Problem: Output all entries exactly as they appear and skip the pictures.

Records for the exercise:

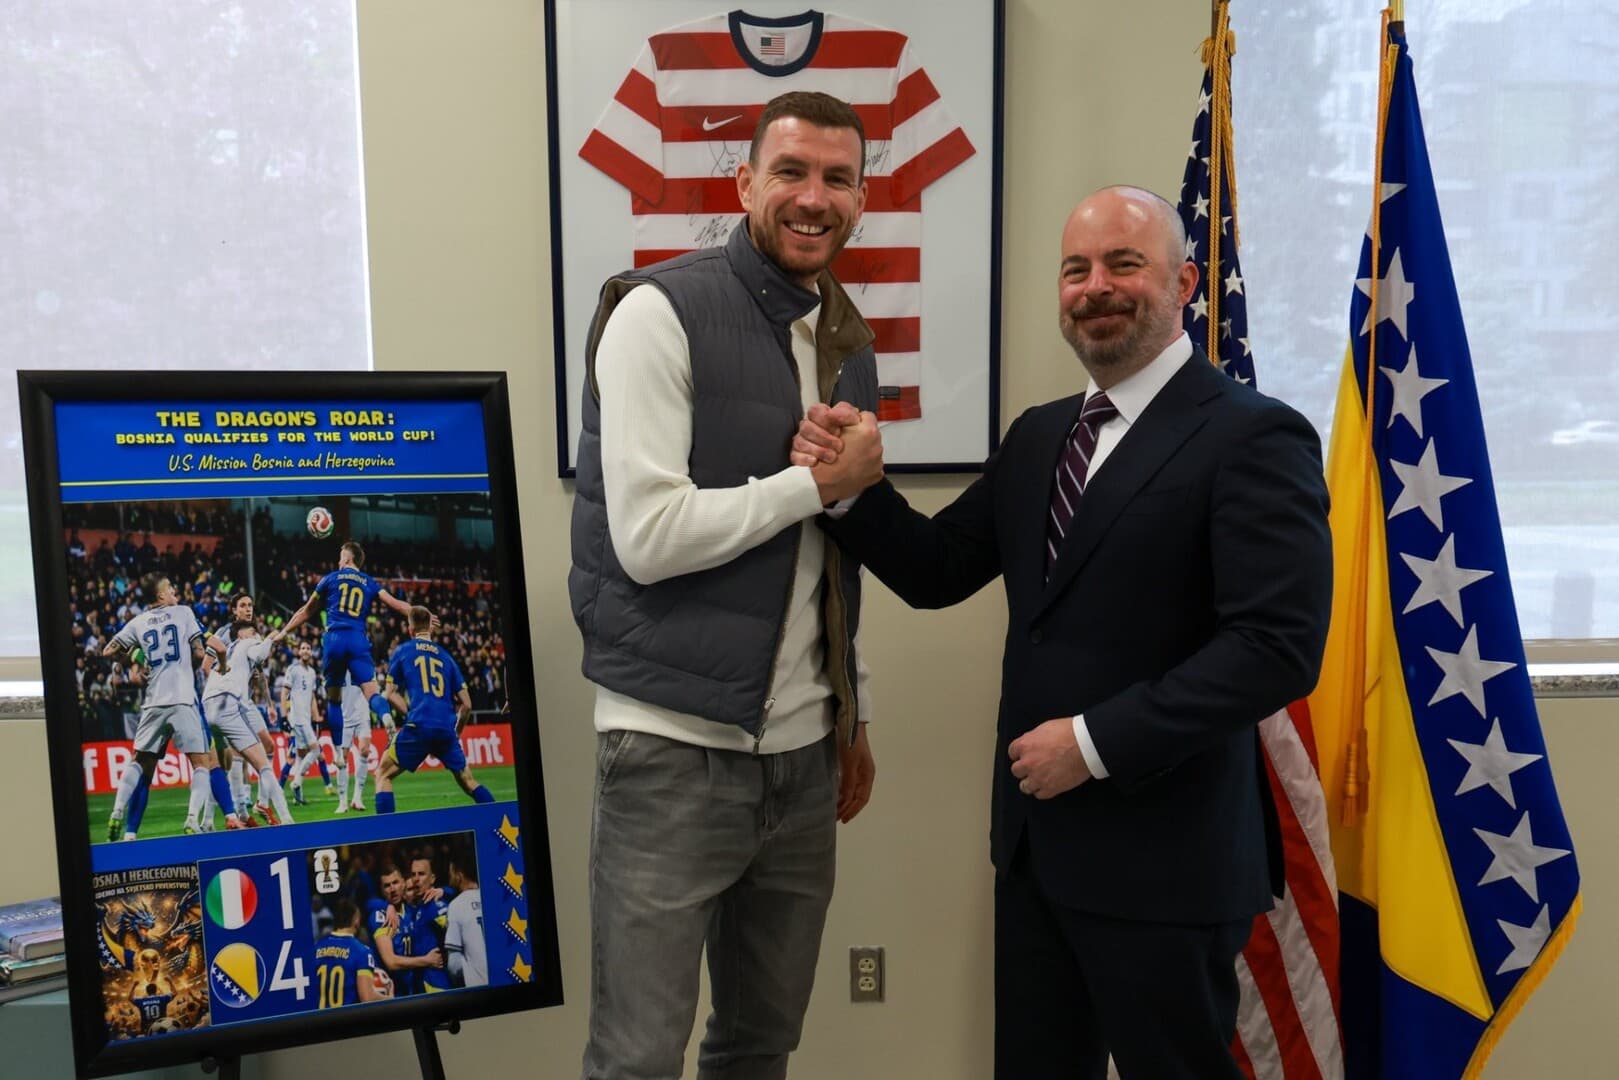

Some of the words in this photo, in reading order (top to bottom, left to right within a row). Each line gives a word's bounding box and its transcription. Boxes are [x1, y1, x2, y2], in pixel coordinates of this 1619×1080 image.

[156, 411, 200, 427] THE
[216, 411, 317, 427] DRAGON'S
[330, 410, 394, 426] ROAR:
[115, 433, 175, 444] BOSNIA
[184, 432, 269, 444] QUALIFIES
[278, 432, 306, 442] FOR
[314, 431, 341, 442] THE
[350, 431, 394, 441] WORLD
[402, 430, 435, 441] CUP!
[168, 454, 194, 471] U.S.
[198, 454, 247, 470] Mission
[252, 453, 294, 470] Bosnia
[297, 453, 322, 468] and
[325, 451, 396, 471] Herzegovina
[338, 583, 364, 617] 10
[143, 624, 180, 667] 23
[414, 655, 444, 698] 15
[129, 866, 198, 882] HERCEGOVINA
[270, 857, 294, 930] 1
[269, 940, 310, 1001] 4
[317, 965, 345, 1009] 10
[144, 1004, 160, 1018] 10
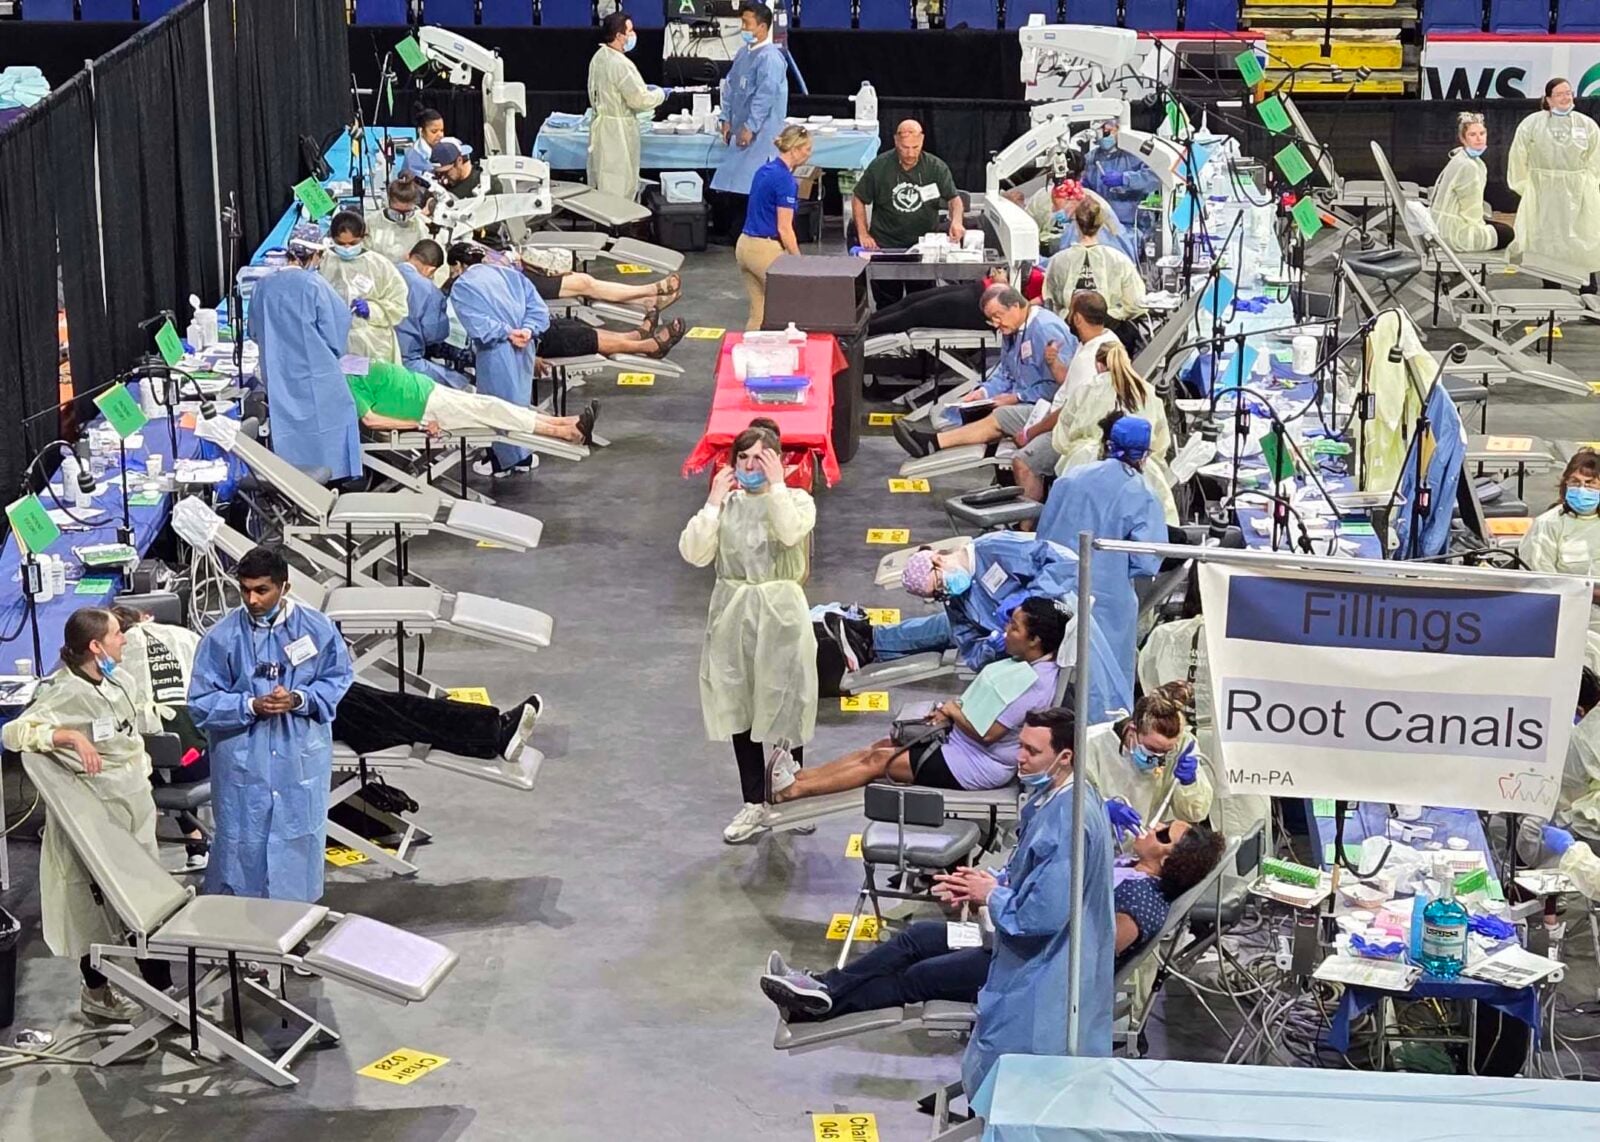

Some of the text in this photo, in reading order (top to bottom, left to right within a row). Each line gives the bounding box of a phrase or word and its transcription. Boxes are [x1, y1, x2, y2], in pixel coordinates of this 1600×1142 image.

[1302, 591, 1482, 652] Fillings
[1226, 689, 1543, 750] Root Canals
[1225, 769, 1294, 786] M-n-PA
[392, 1057, 439, 1080] Chair
[819, 1121, 841, 1139] 046
[849, 1116, 869, 1142] Chair

Answer for this exercise:
Some of the words in this photo, in reading order (top to bottom, left to right within a row). Each line gives a word's bounding box and its transcription. Boxes are [x1, y1, x2, y2], in pixel coordinates of this 1619×1080 image.

[156, 411, 200, 427] THE
[216, 411, 317, 427] DRAGON'S
[330, 410, 394, 426] ROAR:
[115, 433, 175, 444] BOSNIA
[184, 432, 269, 444] QUALIFIES
[278, 432, 306, 442] FOR
[314, 431, 341, 442] THE
[350, 431, 394, 441] WORLD
[402, 430, 435, 441] CUP!
[168, 454, 194, 471] U.S.
[198, 454, 247, 470] Mission
[252, 453, 294, 470] Bosnia
[297, 453, 322, 468] and
[325, 451, 396, 471] Herzegovina
[338, 583, 364, 617] 10
[143, 624, 180, 667] 23
[414, 655, 444, 698] 15
[129, 866, 198, 882] HERCEGOVINA
[270, 857, 294, 930] 1
[269, 940, 310, 1001] 4
[317, 965, 345, 1009] 10
[144, 1004, 160, 1018] 10

Some of the text in this photo, in reading order (top to bottom, left to right within a row). Each line gives the bounding box of a phrase or word and its transcription. Boxes are [x1, y1, x2, y2], in pixel coordinates of this 1600×1142 image.

[1302, 591, 1482, 652] Fillings
[1226, 689, 1543, 750] Root Canals
[1225, 769, 1294, 786] M-n-PA
[392, 1057, 439, 1080] Chair
[819, 1121, 841, 1139] 046
[849, 1116, 869, 1142] Chair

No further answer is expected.